◆ What is required: Write out each record exactly and skip every image.
--- START ---
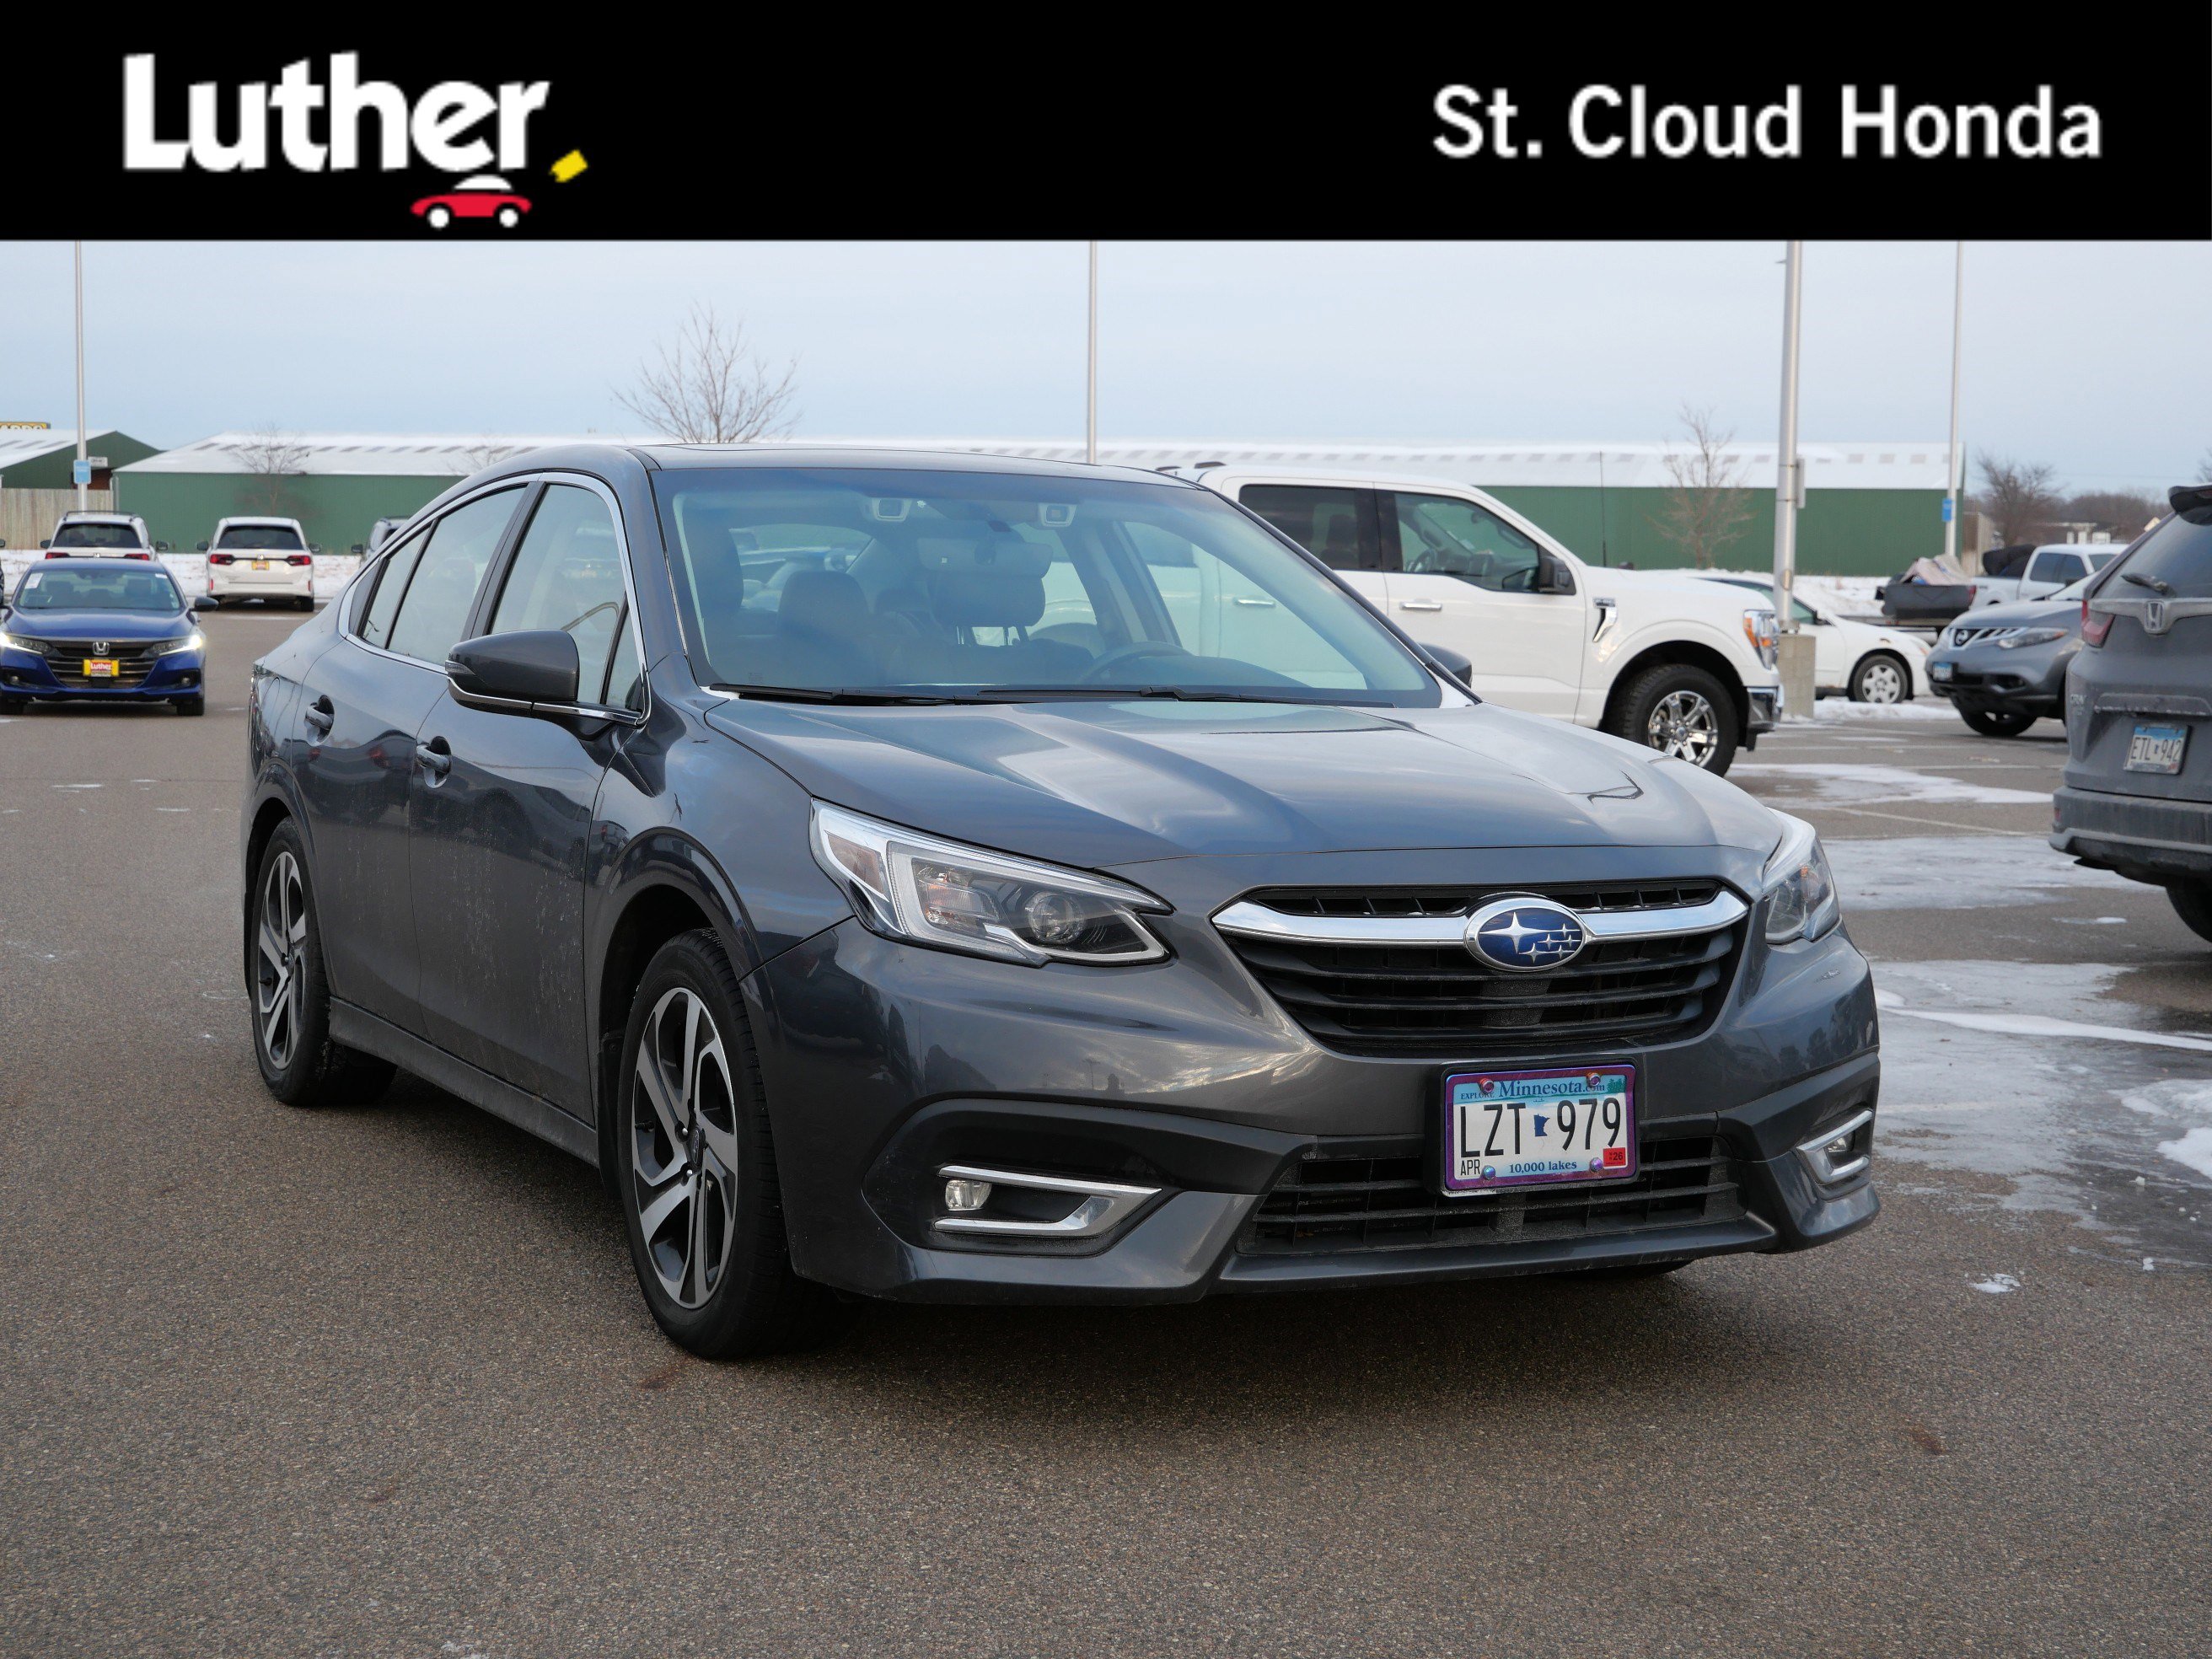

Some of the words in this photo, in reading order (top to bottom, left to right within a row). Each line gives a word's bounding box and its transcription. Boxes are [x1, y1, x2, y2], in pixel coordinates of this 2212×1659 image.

[2131, 737, 2150, 760] ETL
[1460, 1102, 1527, 1157] LZT
[1557, 1097, 1620, 1151] 979
[1613, 1152, 1624, 1161] 26
[1460, 1159, 1480, 1175] APR
[1510, 1162, 1545, 1173] 10,000
[1549, 1161, 1577, 1170] lakes
--- END ---
◆ Response to the task:
Some of the words in this photo, in reading order (top to bottom, left to right within a row). Each line gives a word's bounding box and its transcription. Boxes are [x1, y1, x2, y2], in pixel coordinates of this 2212×1659 image.

[2131, 737, 2150, 760] ETL
[1460, 1102, 1527, 1157] LZT
[1557, 1097, 1620, 1151] 979
[1613, 1152, 1624, 1161] 26
[1460, 1159, 1480, 1175] APR
[1510, 1162, 1545, 1173] 10,000
[1549, 1161, 1577, 1170] lakes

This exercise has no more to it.